1. Field of the Invention
This invention relates to a solenoid valve for use in ON-OFF operation and switching of a flow of fluid such as air.
2. Related Art Statement
A known solenoid valve of the type described, includes a solenoid section provided with a solenoid coil and a fixed iron core; a valve seat opposed to the solenoid section in a valve chest; a valve port of this valve seat; a movable member with a valve body, which is positioned between the solenoid section and the valve seat in the valve chest that is moved by magnetic action; and a resilient member such as a spring for biasing this movable member from the underside of the solenoid section to the valve seat. During non-excitation of the solenoid section, the movable member is urged against the valve seat by the biasing force of the resilient member or the like to close the valve port. During excitation of the solenoid section, the movable member is separated from the valve seat by the magnetic attracting action of the solenoid section against the biasing force of the resilient member or the like and attracted to the fixed iron core, thereby opening the valve port. The movable member is reciprocated between the solenoid section and the valve seat in the valve chest, whereby the valve port is ON-OFF operated, so that the flow of the fluid can be switch controlled.
The movable member is reciprocated between the solenoid section and the valve seat in the valve chest due to the magnetic attraction of the solenoid section, for ON-OFF operation of the valve port. However, since the displacement of the movable member is not regulated in a direction perpendicular to the reciprocatory movement the outer peripheral portion of the movable member comes into contact with or slides on the inner wall surface of the valve chest. A resulting disadvantage is when the outer peripheral portion of this movable member comes into contact with or slides on the inner wall surface of the valve chest, whereby the contact portion and the sliding portion are worn, the dust or debris caused by wear moves to a fluidal circuit connected to the solenoid valve, to thereby hinder other components.
A further disadvantage is that, due to the wear of the above-described contact portion and sliding portion, smooth operation of the movable member is hindered.
In the known solenoid valve, when the solenoid section is deenergized, the movable member which has been in contact with the fixed iron core is moved to the side of the valve seat by the biasing force of a resilient member such as the spring or the like, whereby the valve body abuts against the valve seat. As the valve body is fixed to the movable member, in addition to the biasing force of the resilient member such as a spring or the like, an inertial force of the valve body and the inertial force of the movable member, which is substantially larger than the former inertial force, are directly applied to the contact portion between the valve body and the valve seat. A resulting disadvantages due to the biasing force of the resilient member such as a spring or the like, and the inertial forces of the movable member and the valve body which are directly applied to the contact portion between the valve body and the valve seat, is that the contact portion between the valve body and the valve seat is worn and damaged, to thereby impair the function of the solenoid valve.

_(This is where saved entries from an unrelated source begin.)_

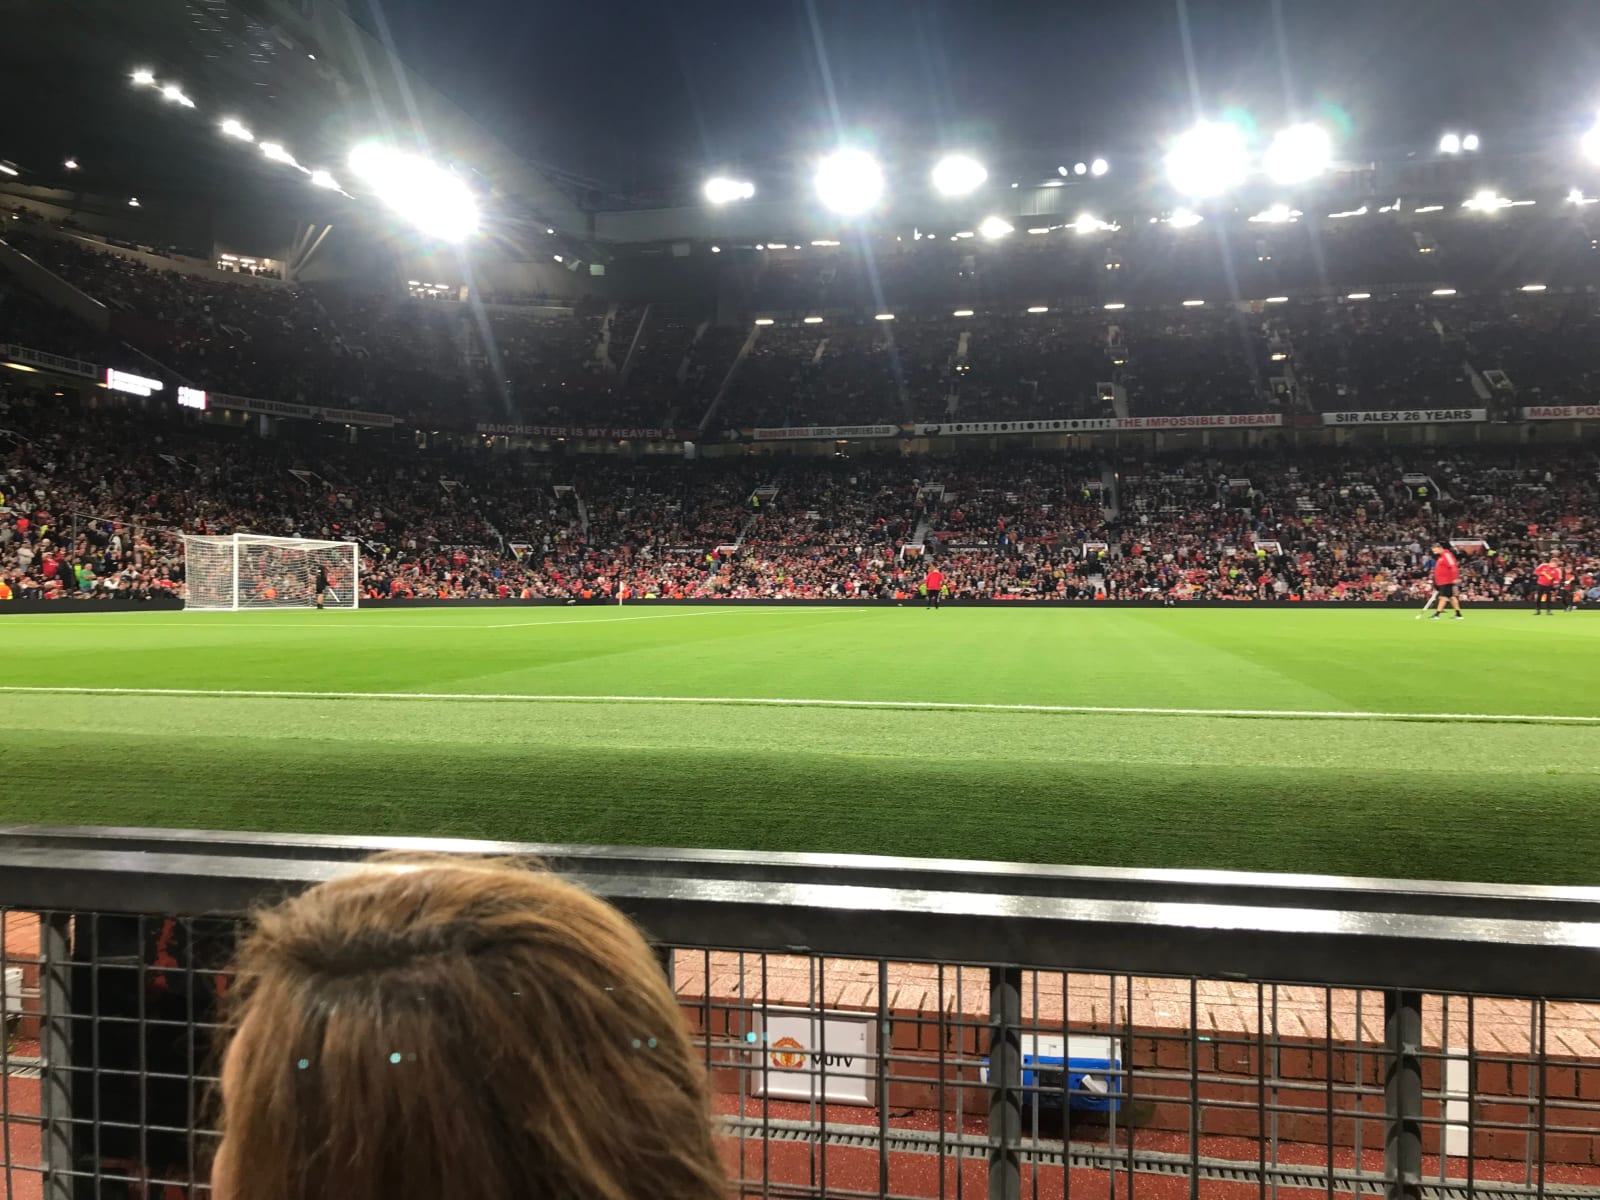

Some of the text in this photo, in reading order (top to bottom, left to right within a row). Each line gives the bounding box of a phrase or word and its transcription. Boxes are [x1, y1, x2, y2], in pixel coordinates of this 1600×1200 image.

[1335, 410, 1473, 422] SIR ALEX 26 YEARS
[1529, 407, 1571, 417] MADE
[1116, 414, 1277, 428] THE IMPOSSIBLE DREAM
[476, 423, 663, 439] MANCHESTER IS MY HEAVEN
[811, 1053, 854, 1068] MUTV

Also, in the known solenoid valve, when the movable member is brought into abutting contact with the fixed iron core of the solenoid section due to the magnetic attracting action of the solenoid section, by percussions occurring between the metallic abutting surfaces of both members, the abutting surfaces of both members are worn, so that the solenoid valve cannot be used for a long period of time and with high frequency.
As a means for preventing the foregoing disadvantages a shock-absorbing member formed of resilient material is provided on either the abutting surface of the movable member or the abutting surface of the fixed iron core of the solenoid section. However, the provision of a shock-absorbing member makes the construction complicated. Furthermore, when the shock-absorbing member is provided on the movable member, if a coupling groove is formed in the movable member and the shock-absorbing member is to be coupled into this coupling groove, then, the thickness of the shock-absorbing member is restricted by the depth of the coupling groove, i.e., the thickness of the movable member. Due to the small thickness, only a shock-absorbing member of low resiliency can be provided. Accordingly, a satisfactory shock-absorbing effect cannot be obtained.
However, if the thickness of the movable member is increased to deepen the coupling groove, whereby a shock-absorbing member having a large thickness can be provided, then, the inertial force of the movable member during its movement is increased by as much as the thickness of the movable member is increased. Therefore the impact forces of the movable member, which is aplied to the fixed iron core and the valve seat, is increased such that a satisfactory shock-absorbing effect still cannot be obtained.
Furthermore, the valve body of the above-described solenoid valve is constructed such that the valve body is moved in association with the movement of the movable member at all times. The inertial force of the movable member is larger in value than the inertial force of the valve body and the inertial force of the valve body itself is applied to the valve body to abut the valve body against the valve seat. A resulting disadvantage is that the valve body and/or the valve seat wears and is likely to become damaged.
Further, in the above-described solenoid valve, when a plurality of valve bodies, one for ON-OFF operation of a first valve port and the other for ON-OFF operation of a second valve port, are provided in the movable member, these valve bodies are supported by shock-absorbing springs in the movable member. A disadvantage of this arrangement is that the movable member becomes large in size and complicated in construction.